前回書いた「非実在条例(東京都青少年育成条例改正問題)はそれからどうなったのか【前編】」の続きになります。未読の方は前編からどうぞ。
■非実在条例(東京都青少年育成条例改正問題)はそれからどうなったのか【前編】
ちなみに今回書くところは現在進行形の事案も入るため、追記や変更が加わるかもしれませんのでご了承ください。
※この文章は2010年12月1日の執筆時点のものです。2016年1月10日リンク切れ修正。
東京都庁 - Tokyo Metropolitan Government Office / ヌンヌン
3月の議会で継続審議が決定し、次の議会が開催される6月に改めてこの法案の可否についての決議がとられることになりました。
といっても、それまでの間、何もなかったというわけではありません。いろいろな動きがありました。たとえば4月には、都側の見解をまとめた文書がHPに掲載されました。

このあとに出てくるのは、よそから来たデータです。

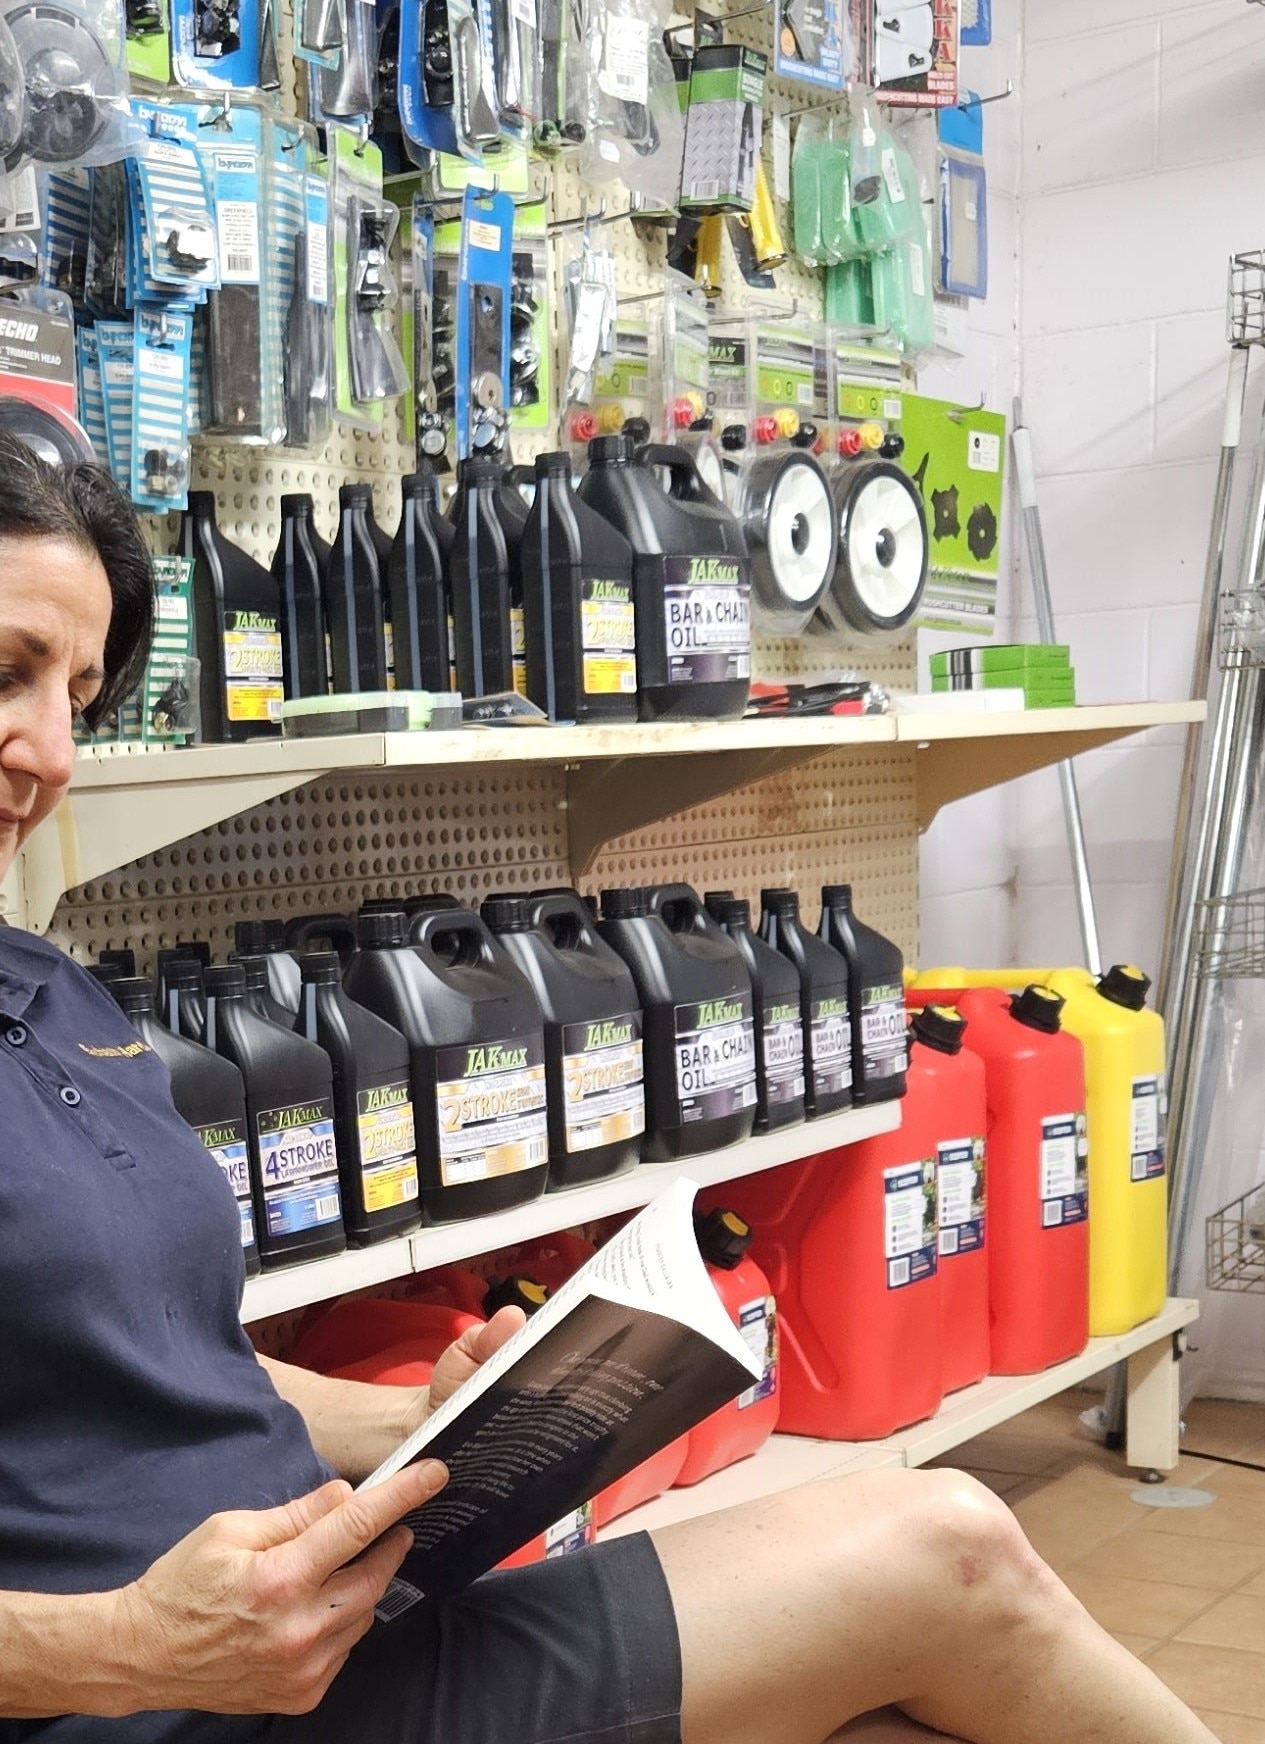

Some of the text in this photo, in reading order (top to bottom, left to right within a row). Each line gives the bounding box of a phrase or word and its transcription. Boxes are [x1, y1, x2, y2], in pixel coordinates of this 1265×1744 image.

[5, 345, 40, 362] TRIMMER
[40, 352, 62, 366] HEAD
[688, 558, 739, 585] JAKMAX
[589, 578, 631, 603] JAKMAX
[233, 611, 276, 632] JAKMAX
[670, 602, 704, 624] BAR
[671, 627, 701, 648] OIL
[696, 1000, 743, 1029] JAKMAX
[584, 1022, 632, 1051] JAKMAX
[464, 1045, 528, 1077] JAKMAX
[680, 1049, 712, 1069] BAR
[682, 1070, 711, 1091] OIL
[365, 1087, 408, 1112] JAKMAX
[278, 1106, 324, 1129] JAKMAX
[198, 1127, 236, 1148] KMAX

しかし、これはかえって基準が曖昧なままであり、極論有名作品や大家の作品ならOKというような恣意的な運用が可能ということになり得るとして、反対の声が消えることはありませんでした。
■都の青少年育成条例、継続審議が決定 6月に先送り - ITmedia News
■「しずかちゃんの入浴」「ワカメちゃんパンチラ」はOK 2次元児童ポルノ規制条例で東京都 - MSN産経ニュース ※リンク切れ
そしてもうひとつ、ここでネットで話題になった事が起こります。
この条例提出の前に、東京都はこの問題についてのパブリックコメントを募集しており、都議会の議員さんがそれの公開を求めたのですが、期限ギリギリ(5月始め)まで出てこなかった挙句、それのあちこちが黒塗りとなって隠されていたということで、都に不利な情報を隠蔽したのではないかということで話題になりました。
■Togetter - 「都条例パブコメが黒塗りだらけだった件」
■ASCII.jp:非実在青少年は、なぜ問題なのか?|ゼロから分かる東京都青少年健全育成条例改正問題
そして3月に反対の声明を出した団体や、それ以外の団体からも反対の生命が出されました。

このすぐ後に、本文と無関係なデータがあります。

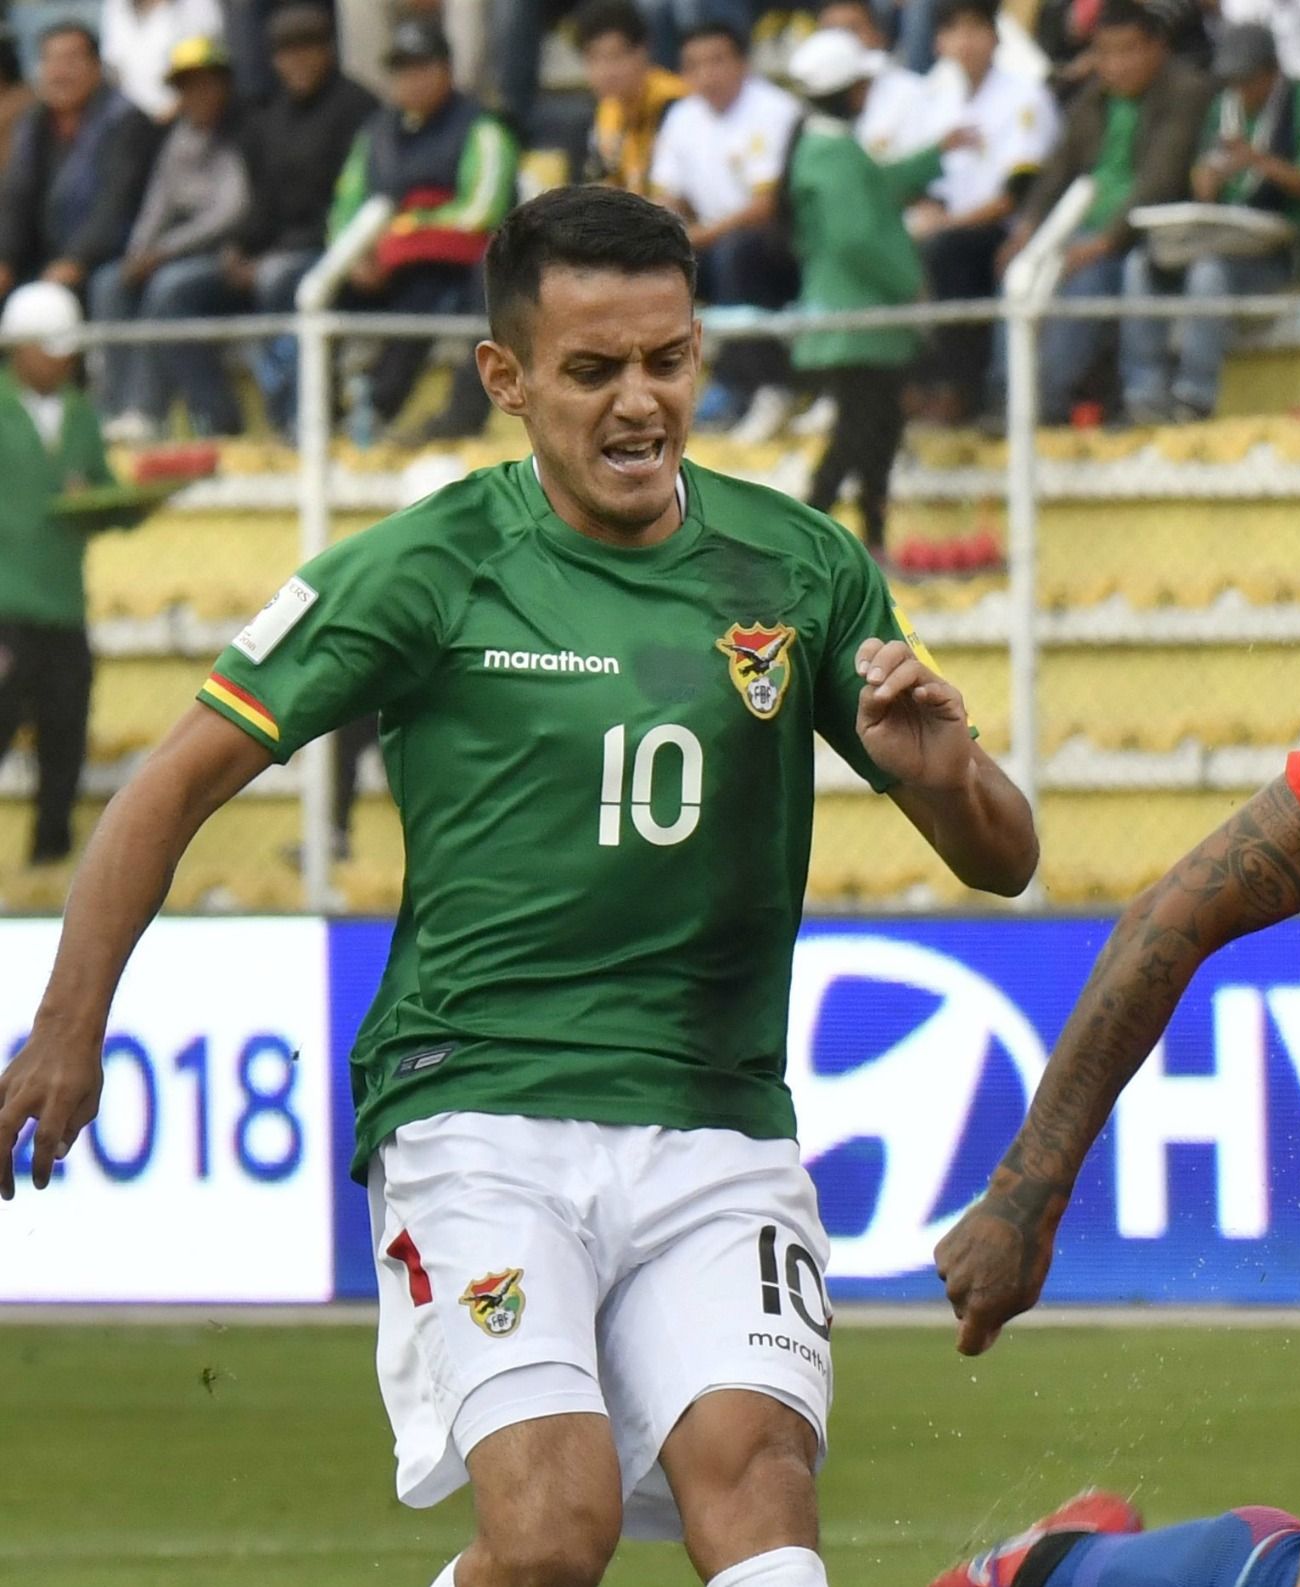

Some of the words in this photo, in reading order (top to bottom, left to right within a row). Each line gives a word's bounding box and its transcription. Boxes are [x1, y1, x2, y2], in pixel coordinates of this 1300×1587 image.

[483, 649, 620, 674] marathon
[598, 723, 704, 846] 10
[758, 1225, 831, 1342] 10

まずはマンガ家の団体や出版社。さらに法曹分野から東京第二弁護士会、さらに日弁連もこの条例に対しての会長声明を発表しました。
■漫画家1421人、出版社10社“反対” 都の青少年健全育成条例案 - MSN産経ニュース ※リンク切れ
■第二東京弁護士会ひまわり | 「東京都青少年の健全な育成に関する条例」の一部改正案についての会長声明
■日本弁護士連合会│Japan Federation of Bar Associations:「東京都青少年の健全な育成に関する条例」の一部改正に関する会長声明
6月の定例議会が始まると、再度法案が提出されます。
しかし中身はほとんど修正されず、3月時の法案の一部の文字を書き換えるに留まったものでした。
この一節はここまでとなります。